# How to complete this task
Write the data out again, character for character, with no images.

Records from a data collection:
◆ ◆ ◆ ◆
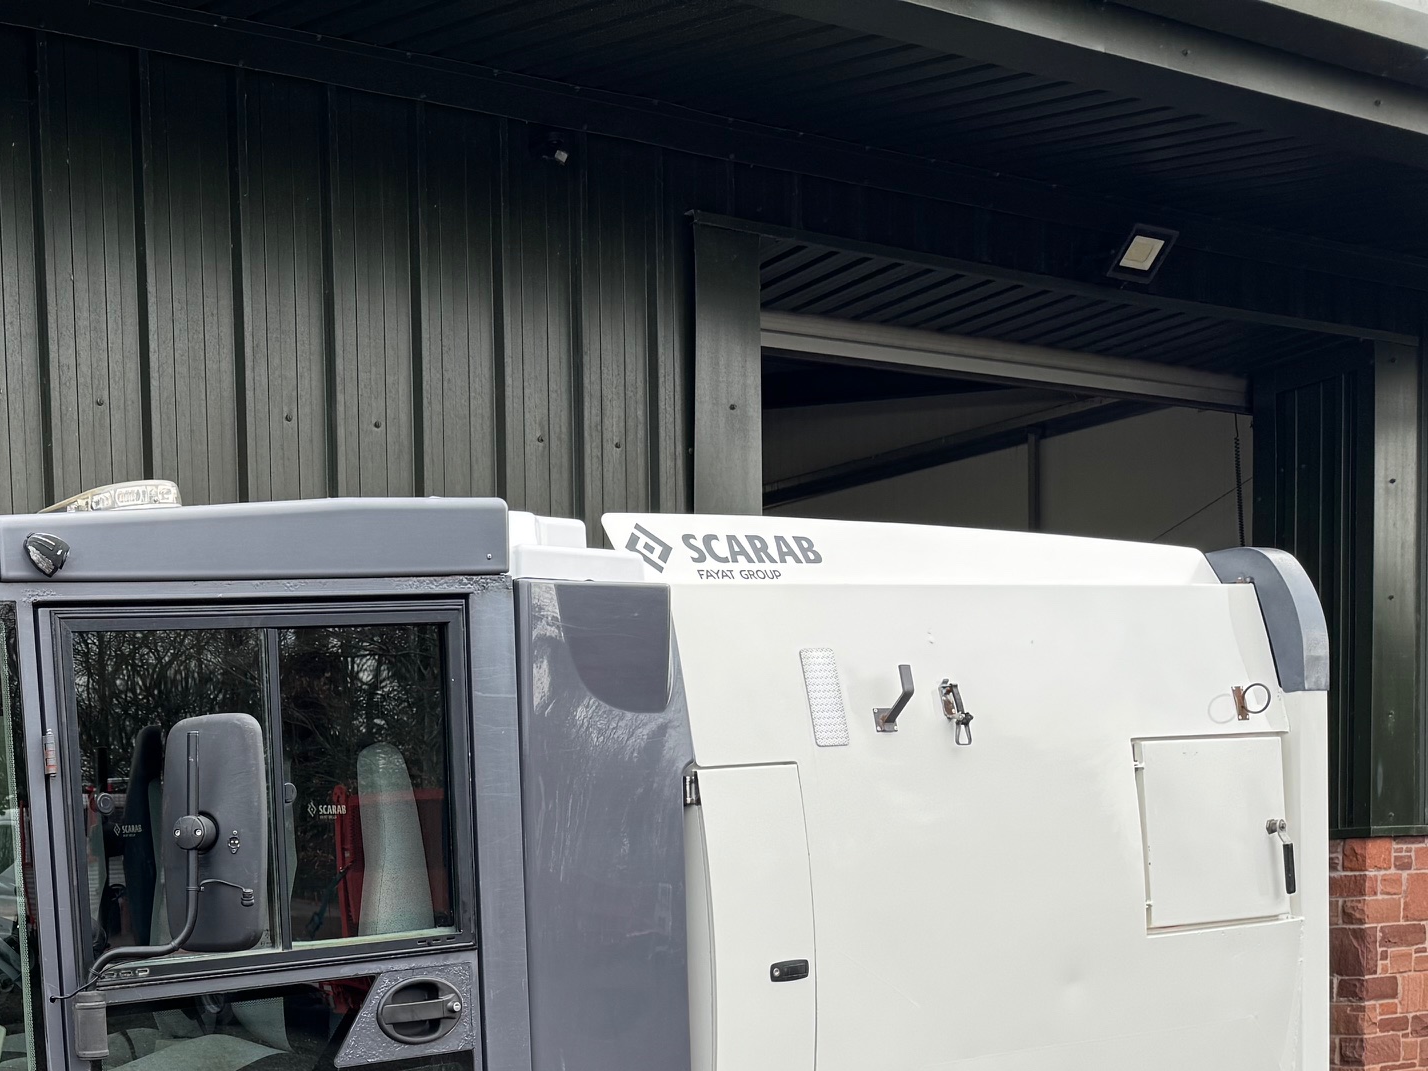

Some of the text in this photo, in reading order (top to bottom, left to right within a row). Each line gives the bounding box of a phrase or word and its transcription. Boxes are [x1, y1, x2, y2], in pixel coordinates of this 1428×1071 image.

[681, 533, 823, 564] SCARAB
[697, 569, 782, 580] FAYAT GROUP
[318, 804, 347, 815] SCARAB
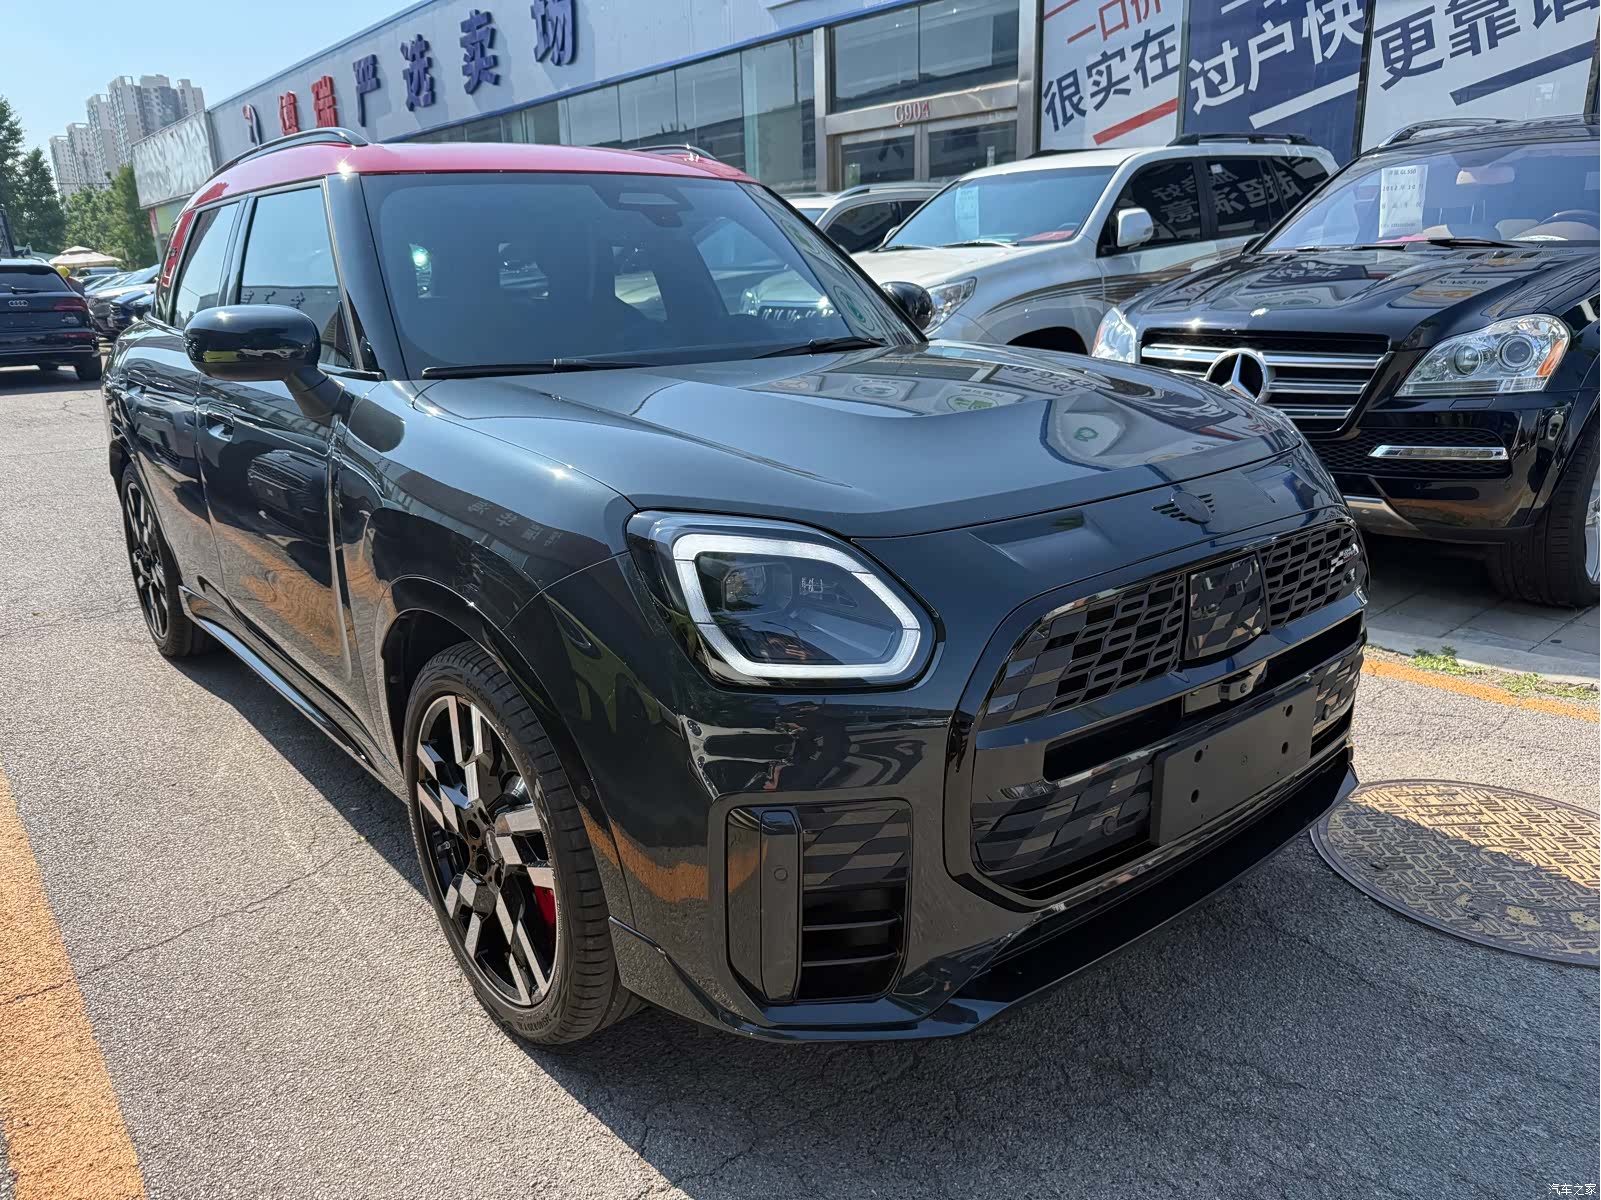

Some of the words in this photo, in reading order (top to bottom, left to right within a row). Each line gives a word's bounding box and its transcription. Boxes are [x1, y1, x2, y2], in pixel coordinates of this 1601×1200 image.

[1043, 24, 1180, 132] 很实在
[1188, 0, 1364, 115] 过户快
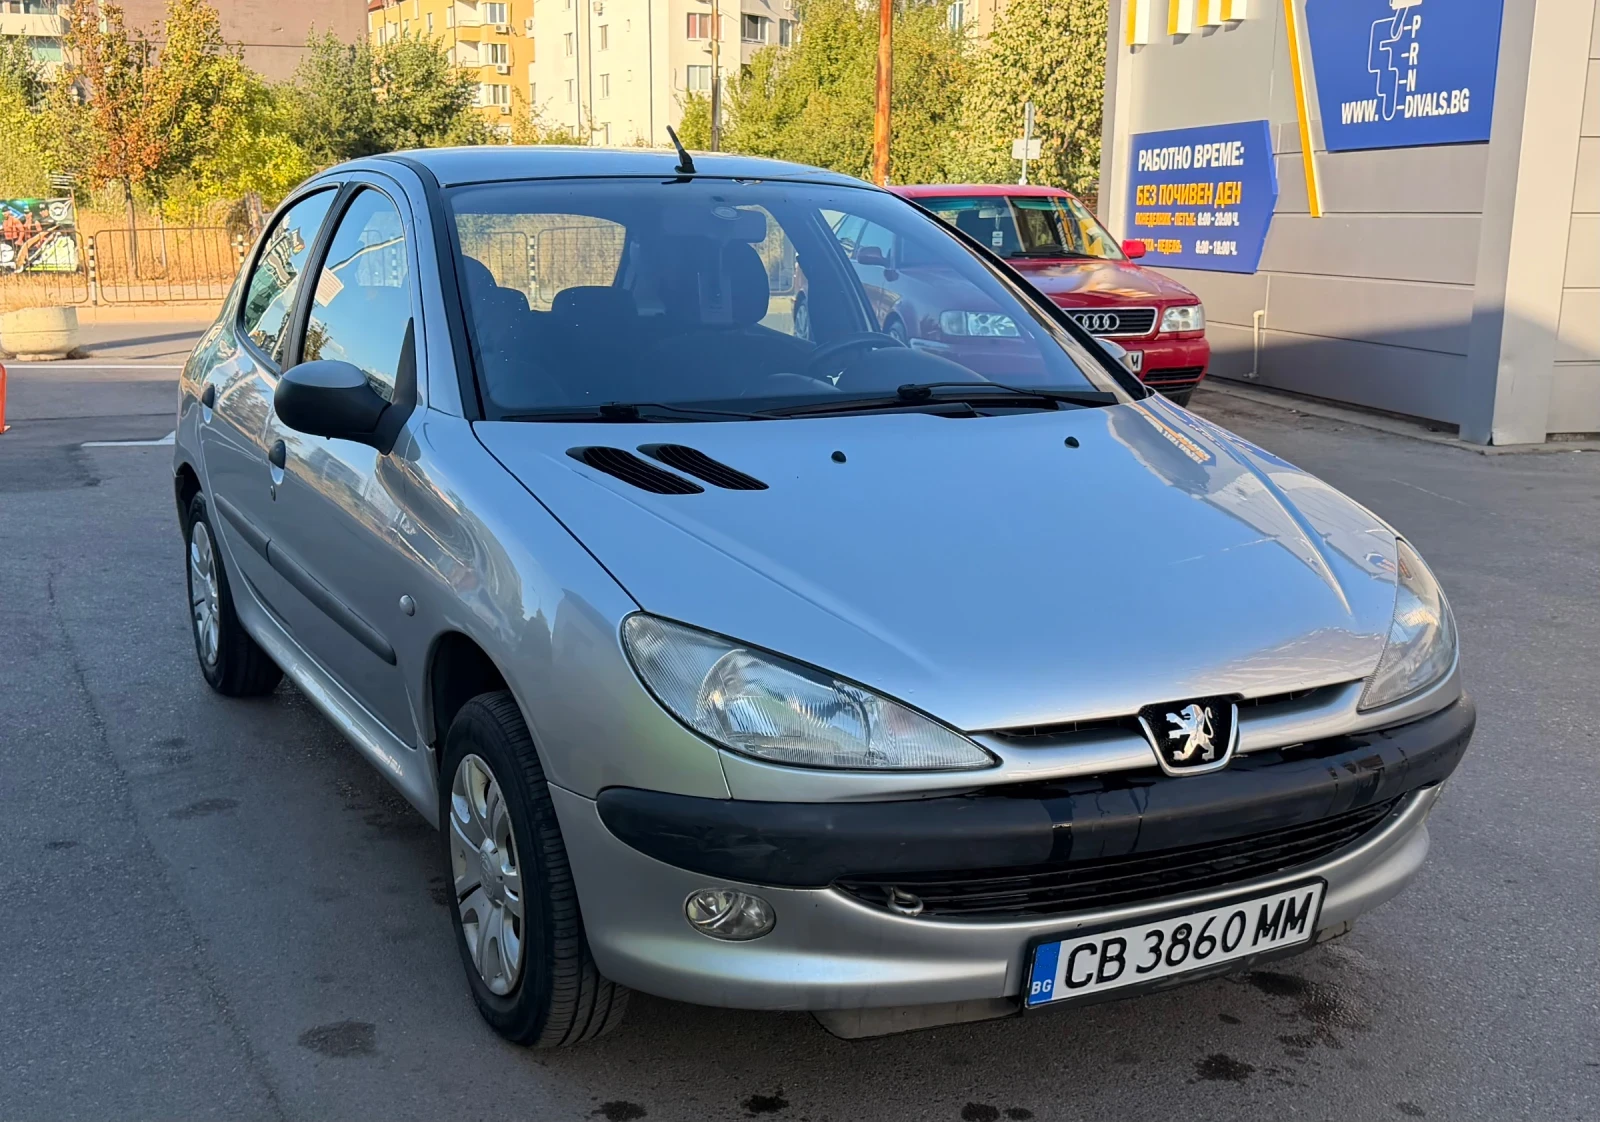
◆ ◆ ◆ ◆
# Solution to this task
Some of the text in this photo, in reading order (top to bottom, left to right within a row). Each line gives the bounding box of a phrase or word and its transcription. Boxes are [x1, y1, x2, y2], in pixel coordinates of this 1428×1071 image.

[681, 533, 823, 564] SCARAB
[697, 569, 782, 580] FAYAT GROUP
[318, 804, 347, 815] SCARAB

Some of the words in this photo, in reading order (top to bottom, left to right within a row). Each line gives a word's bounding box and its transcription. Boxes are [x1, y1, x2, y2], in pixel coordinates of this 1601×1200 image.

[1043, 24, 1180, 132] 很实在
[1188, 0, 1364, 115] 过户快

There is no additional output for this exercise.